**PROMPT:** Each line of the material should be retyped without alteration.

--

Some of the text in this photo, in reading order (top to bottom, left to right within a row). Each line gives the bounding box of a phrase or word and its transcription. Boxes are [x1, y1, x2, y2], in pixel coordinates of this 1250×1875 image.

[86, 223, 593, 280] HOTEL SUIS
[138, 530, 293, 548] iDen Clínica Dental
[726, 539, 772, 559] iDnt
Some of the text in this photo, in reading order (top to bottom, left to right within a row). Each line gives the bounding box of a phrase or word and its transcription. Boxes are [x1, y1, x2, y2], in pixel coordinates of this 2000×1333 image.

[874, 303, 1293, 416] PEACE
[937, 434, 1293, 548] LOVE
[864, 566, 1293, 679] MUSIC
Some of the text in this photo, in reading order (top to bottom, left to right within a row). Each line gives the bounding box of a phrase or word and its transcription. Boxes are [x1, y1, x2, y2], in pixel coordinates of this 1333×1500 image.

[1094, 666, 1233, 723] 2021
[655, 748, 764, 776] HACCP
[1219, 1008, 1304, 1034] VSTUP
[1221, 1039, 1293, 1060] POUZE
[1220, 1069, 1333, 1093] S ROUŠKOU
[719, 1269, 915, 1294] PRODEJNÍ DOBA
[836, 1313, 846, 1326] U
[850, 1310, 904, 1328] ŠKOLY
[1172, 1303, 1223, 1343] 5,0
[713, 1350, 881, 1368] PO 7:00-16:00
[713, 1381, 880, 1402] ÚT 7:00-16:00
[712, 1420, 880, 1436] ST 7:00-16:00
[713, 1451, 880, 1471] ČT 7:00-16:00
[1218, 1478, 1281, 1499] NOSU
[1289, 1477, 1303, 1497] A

--

**TASK RESULT:**
Some of the text in this photo, in reading order (top to bottom, left to right within a row). Each line gives the bounding box of a phrase or word and its transcription. Boxes are [x1, y1, x2, y2], in pixel coordinates of this 1250×1875 image.

[86, 223, 593, 280] HOTEL SUIS
[138, 530, 293, 548] iDen Clínica Dental
[726, 539, 772, 559] iDnt
Some of the text in this photo, in reading order (top to bottom, left to right within a row). Each line gives the bounding box of a phrase or word and its transcription. Boxes are [x1, y1, x2, y2], in pixel coordinates of this 2000×1333 image.

[874, 303, 1293, 416] PEACE
[937, 434, 1293, 548] LOVE
[864, 566, 1293, 679] MUSIC
Some of the text in this photo, in reading order (top to bottom, left to right within a row). Each line gives the bounding box of a phrase or word and its transcription. Boxes are [x1, y1, x2, y2], in pixel coordinates of this 1333×1500 image.

[1094, 666, 1233, 723] 2021
[655, 748, 764, 776] HACCP
[1219, 1008, 1304, 1034] VSTUP
[1221, 1039, 1293, 1060] POUZE
[1220, 1069, 1333, 1093] S ROUŠKOU
[719, 1269, 915, 1294] PRODEJNÍ DOBA
[836, 1313, 846, 1326] U
[850, 1310, 904, 1328] ŠKOLY
[1172, 1303, 1223, 1343] 5,0
[713, 1350, 881, 1368] PO 7:00-16:00
[713, 1381, 880, 1402] ÚT 7:00-16:00
[712, 1420, 880, 1436] ST 7:00-16:00
[713, 1451, 880, 1471] ČT 7:00-16:00
[1218, 1478, 1281, 1499] NOSU
[1289, 1477, 1303, 1497] A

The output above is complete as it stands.